Exercise objective: Each entry has to be copied exactly, with nothing missed.

Records for processing Start Marker

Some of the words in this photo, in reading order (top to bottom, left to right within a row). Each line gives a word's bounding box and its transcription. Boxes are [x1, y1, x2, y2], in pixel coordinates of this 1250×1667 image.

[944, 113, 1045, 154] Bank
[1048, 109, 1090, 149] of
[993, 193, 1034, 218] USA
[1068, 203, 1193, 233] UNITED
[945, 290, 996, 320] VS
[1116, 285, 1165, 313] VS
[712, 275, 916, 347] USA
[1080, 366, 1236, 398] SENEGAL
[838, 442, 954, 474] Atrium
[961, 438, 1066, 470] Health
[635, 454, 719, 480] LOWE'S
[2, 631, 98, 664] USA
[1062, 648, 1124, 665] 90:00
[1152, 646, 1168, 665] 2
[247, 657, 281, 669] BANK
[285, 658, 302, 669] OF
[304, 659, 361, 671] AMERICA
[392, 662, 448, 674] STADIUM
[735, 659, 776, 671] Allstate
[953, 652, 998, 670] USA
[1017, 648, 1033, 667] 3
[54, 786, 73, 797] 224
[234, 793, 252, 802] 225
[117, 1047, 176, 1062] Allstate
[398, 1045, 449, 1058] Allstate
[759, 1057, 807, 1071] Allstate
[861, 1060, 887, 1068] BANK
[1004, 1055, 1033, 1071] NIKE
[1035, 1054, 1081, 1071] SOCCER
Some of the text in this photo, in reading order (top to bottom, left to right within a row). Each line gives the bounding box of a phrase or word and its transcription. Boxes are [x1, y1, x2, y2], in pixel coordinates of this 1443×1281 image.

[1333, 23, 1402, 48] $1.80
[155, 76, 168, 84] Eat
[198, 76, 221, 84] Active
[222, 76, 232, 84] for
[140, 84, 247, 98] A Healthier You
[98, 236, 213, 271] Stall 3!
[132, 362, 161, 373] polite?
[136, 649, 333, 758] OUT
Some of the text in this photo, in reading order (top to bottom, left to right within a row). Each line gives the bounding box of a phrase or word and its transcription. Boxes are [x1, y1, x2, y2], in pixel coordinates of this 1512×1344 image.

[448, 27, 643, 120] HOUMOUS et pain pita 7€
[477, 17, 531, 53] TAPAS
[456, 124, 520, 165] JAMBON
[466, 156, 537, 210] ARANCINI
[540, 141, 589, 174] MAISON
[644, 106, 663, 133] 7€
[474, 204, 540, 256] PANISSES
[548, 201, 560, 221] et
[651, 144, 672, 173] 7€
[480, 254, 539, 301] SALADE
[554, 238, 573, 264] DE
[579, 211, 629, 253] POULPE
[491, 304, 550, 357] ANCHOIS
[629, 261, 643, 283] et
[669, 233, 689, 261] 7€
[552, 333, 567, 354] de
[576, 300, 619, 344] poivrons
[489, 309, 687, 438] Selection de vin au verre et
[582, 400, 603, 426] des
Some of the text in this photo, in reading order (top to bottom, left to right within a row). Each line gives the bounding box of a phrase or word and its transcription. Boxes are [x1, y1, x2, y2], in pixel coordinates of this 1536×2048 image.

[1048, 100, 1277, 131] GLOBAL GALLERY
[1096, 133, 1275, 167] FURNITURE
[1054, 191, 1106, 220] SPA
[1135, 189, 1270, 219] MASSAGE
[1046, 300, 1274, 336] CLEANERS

Records for processing End Marker

Result for this task:
Some of the words in this photo, in reading order (top to bottom, left to right within a row). Each line gives a word's bounding box and its transcription. Boxes are [x1, y1, x2, y2], in pixel coordinates of this 1250×1667 image.

[944, 113, 1045, 154] Bank
[1048, 109, 1090, 149] of
[993, 193, 1034, 218] USA
[1068, 203, 1193, 233] UNITED
[945, 290, 996, 320] VS
[1116, 285, 1165, 313] VS
[712, 275, 916, 347] USA
[1080, 366, 1236, 398] SENEGAL
[838, 442, 954, 474] Atrium
[961, 438, 1066, 470] Health
[635, 454, 719, 480] LOWE'S
[2, 631, 98, 664] USA
[1062, 648, 1124, 665] 90:00
[1152, 646, 1168, 665] 2
[247, 657, 281, 669] BANK
[285, 658, 302, 669] OF
[304, 659, 361, 671] AMERICA
[392, 662, 448, 674] STADIUM
[735, 659, 776, 671] Allstate
[953, 652, 998, 670] USA
[1017, 648, 1033, 667] 3
[54, 786, 73, 797] 224
[234, 793, 252, 802] 225
[117, 1047, 176, 1062] Allstate
[398, 1045, 449, 1058] Allstate
[759, 1057, 807, 1071] Allstate
[861, 1060, 887, 1068] BANK
[1004, 1055, 1033, 1071] NIKE
[1035, 1054, 1081, 1071] SOCCER
Some of the text in this photo, in reading order (top to bottom, left to right within a row). Each line gives the bounding box of a phrase or word and its transcription. Boxes are [x1, y1, x2, y2], in pixel coordinates of this 1443×1281 image.

[1333, 23, 1402, 48] $1.80
[155, 76, 168, 84] Eat
[198, 76, 221, 84] Active
[222, 76, 232, 84] for
[140, 84, 247, 98] A Healthier You
[98, 236, 213, 271] Stall 3!
[132, 362, 161, 373] polite?
[136, 649, 333, 758] OUT
Some of the text in this photo, in reading order (top to bottom, left to right within a row). Each line gives the bounding box of a phrase or word and its transcription. Boxes are [x1, y1, x2, y2], in pixel coordinates of this 1512×1344 image.

[448, 27, 643, 120] HOUMOUS et pain pita 7€
[477, 17, 531, 53] TAPAS
[456, 124, 520, 165] JAMBON
[466, 156, 537, 210] ARANCINI
[540, 141, 589, 174] MAISON
[644, 106, 663, 133] 7€
[474, 204, 540, 256] PANISSES
[548, 201, 560, 221] et
[651, 144, 672, 173] 7€
[480, 254, 539, 301] SALADE
[554, 238, 573, 264] DE
[579, 211, 629, 253] POULPE
[491, 304, 550, 357] ANCHOIS
[629, 261, 643, 283] et
[669, 233, 689, 261] 7€
[552, 333, 567, 354] de
[576, 300, 619, 344] poivrons
[489, 309, 687, 438] Selection de vin au verre et
[582, 400, 603, 426] des
Some of the text in this photo, in reading order (top to bottom, left to right within a row). Each line gives the bounding box of a phrase or word and its transcription. Boxes are [x1, y1, x2, y2], in pixel coordinates of this 1536×2048 image.

[1048, 100, 1277, 131] GLOBAL GALLERY
[1096, 133, 1275, 167] FURNITURE
[1054, 191, 1106, 220] SPA
[1135, 189, 1270, 219] MASSAGE
[1046, 300, 1274, 336] CLEANERS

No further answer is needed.